If you gather five people of Latin American descent living in the United States and ask each to describe his ethnic identity, they will name a variety of cultures, races, origins and designations.
So what should we call ourselves? Hispanic? Latino? Spanish? These days, it’s virtually impossible for anyone to settle on one label. Take my son, for example: He is a Puerto Rican-Cuban-Mexican-American, though he generally just describes himself as a Miami-born American who prefers to speak English. I, however, identify myself as a Mexican-born immigrant to the United States who holds two passports and dual voting rights, and who prefers to speak Spanish.
So the labels “Hispanic” and “Latino” just don’t cut it, nor do most other attempts to come up with one standard name for people who migrated, or whose forefathers migrated, to the U.S. from that complex collection of nations and cultures. The Pew Hispanic Center made this point earlier this month in a study titled “When Labels Don’t Fit: Hispanics and Their Views of Identity,” which found that about 51 percent of Hispanics nationwide prefer to identify themselves according to their family’s nationality — Mexican, Cuban, Dominican, Puerto Rican, for example — as opposed to using “pan-ethnic” terms. (The study is available at: bit.Ly/HfQAGo.)
Only about 24 percent of respondents said they use the “Hispanic” or “Latino” designation to describe themselves most often, according to Pew. Furthermore, a mere 21 percent of respondents said they prefer to describe themselves as “American” most often (which horrifies the most right-leaning of conservatives in this country, I’m sure). But this does not mean that we don’t want to be American, nor that we want to create a separate nation within this one. We love this country, and we integrate very quickly. Seventy-nine percent of respondents said that “if they had to do it all over again,” they would come to the United States.
To a greater extent than some immigrant groups who arrived before us, we Hispanics have managed to maintain many of the customs and cultural traditions of our native countries, including religious observations and holiday celebrations. The primary trait that unites us is, above all, the Spanish language. Ninety-five percent of Hispanics surveyed by Pew believe it’s important that future generations be able to speak Spanish (though 87 percent of us also believe that for Hispanic immigrants to succeed in the U.S., they must learn how to speak English).
The term “Hispanic” may have been useful at its inception, but no longer. The U.S. government implemented this umbrella term in the 1970s, in response to an increase in our numbers brought about by an influx of immigrants from Latin America after World War II. Today, being labeled “Hispanic” is for many of us akin to being saddled with a name you don’t particularly like. (I certainly know what that feels like — I was christened “Jorge Gilberto,” but I hate “Gilberto” and never use it.)

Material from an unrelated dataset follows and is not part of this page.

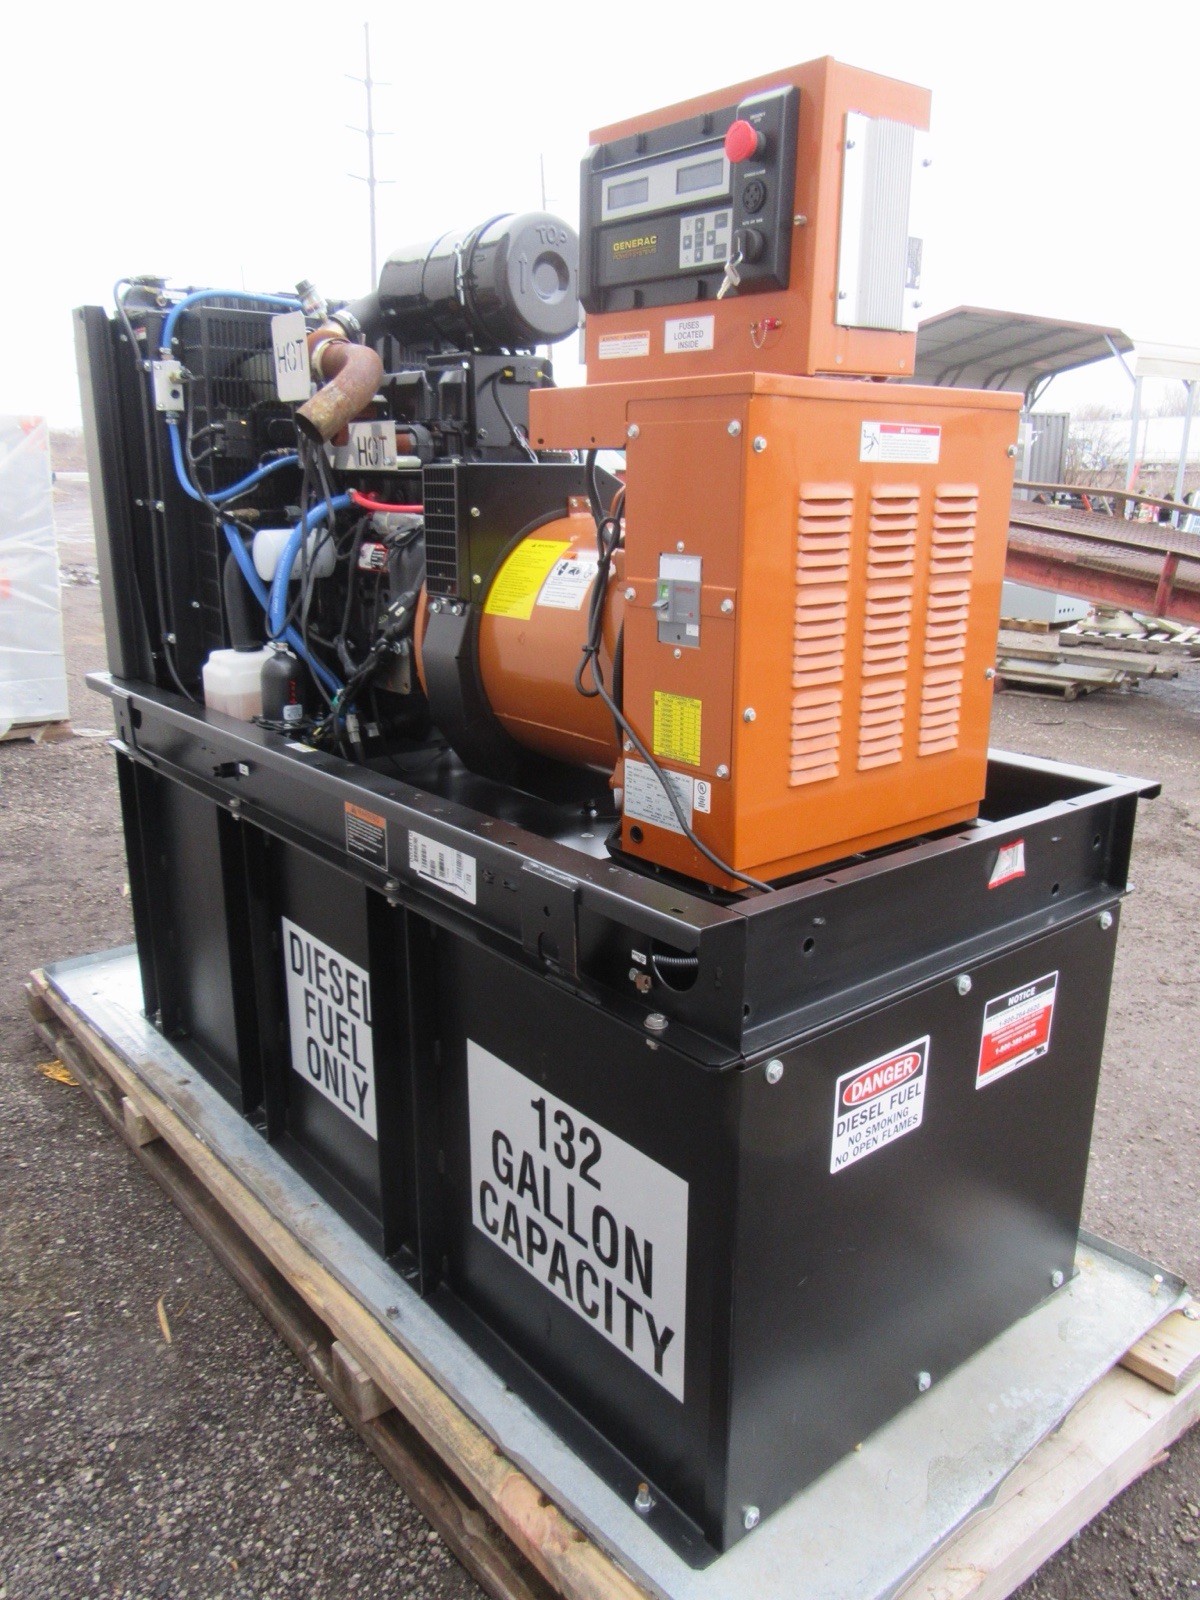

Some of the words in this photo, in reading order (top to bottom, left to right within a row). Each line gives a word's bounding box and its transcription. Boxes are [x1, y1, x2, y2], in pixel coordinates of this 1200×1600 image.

So can we change our collective given name? And to what? Jesse Trevino, a Texan author, journalist and former White House speechwriter, believes we can. “For me, `HispanicLatino’ suffices,” he wrote on his website, HispanicLatino.com, where he is gathering support for a name change. “It fits all, combines all. Indeed, the future might well demand that we become more HispanicLatino and more American simultaneously.”

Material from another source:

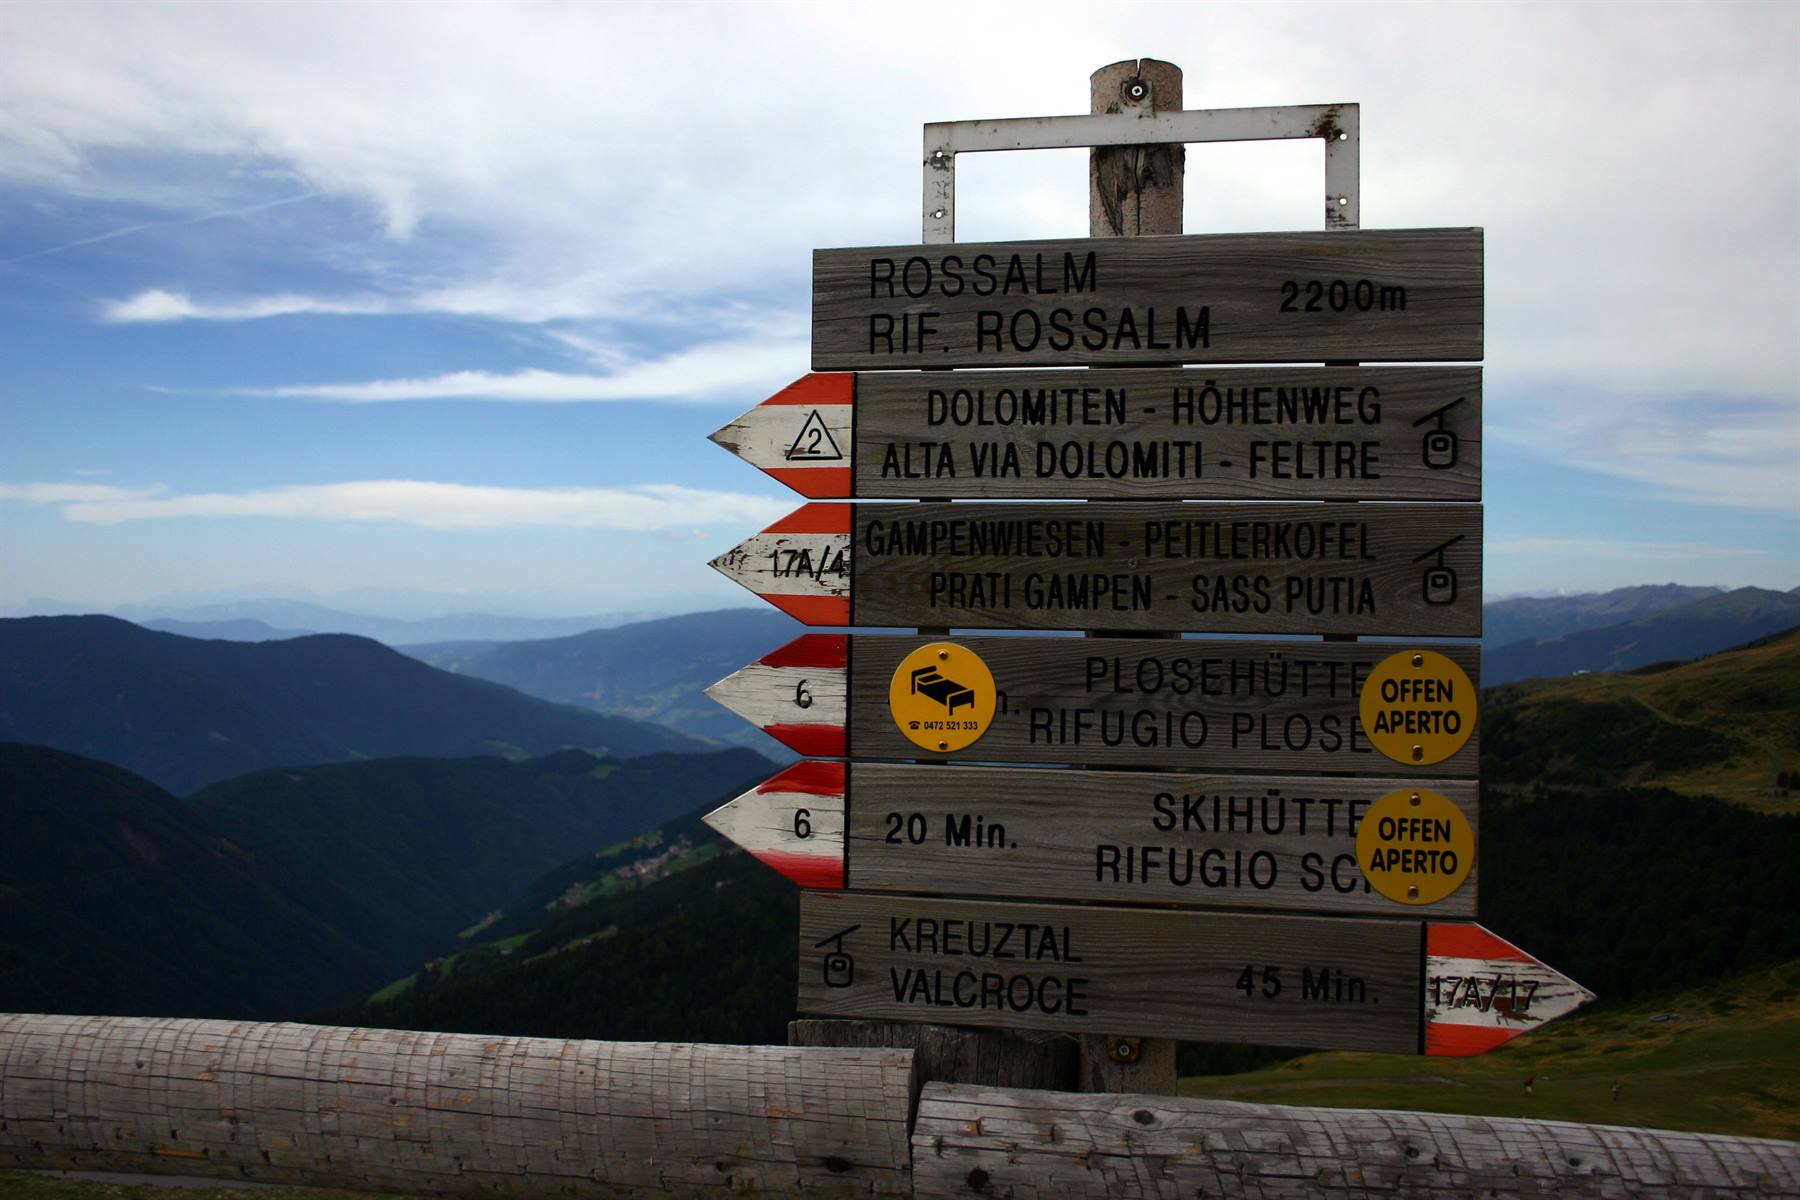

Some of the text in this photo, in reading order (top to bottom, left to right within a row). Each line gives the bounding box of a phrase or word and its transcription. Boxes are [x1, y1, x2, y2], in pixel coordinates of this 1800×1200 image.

However, the problem is whether we can all agree on the term. We came here from many different countries for many different reasons, so we are hardly a homogeneous community. Indeed, we have much in common, but we are also divided. Politically, Hispanics with roots in Mexico or Central America are generally concerned about immigration issues and tend to lean Democratic, while those with Cuban roots tend to support Republicans and the party’s generally tough stance against the Castro regime. And though we may all speak Spanish, small, common variations in the language mark divides. For example, say the word “guagua” to a Cuban and you mean “bus,” though to a Chilean it means “baby.”
The need for specificity beyond a generic term is also becoming more necessary with regard to assumptions made in the media about ethnicity. Look at the news reports after the death of Trayvon Martin, the 17-year-old Florida boy shot to death by George Zimmerman, a member of a neighborhood watch who says he was acting in self-defense. Zimmerman was first identified as a white male, then as a Hispanic male. Now the media often describes him as “white Hispanic,” since his mother is of Peruvian descent. No, “Hispanic” is not enough. As the Pew study rightly concludes, the current labels are virtually useless. But another 40 years may have to pass before we can come up with an adequate solution.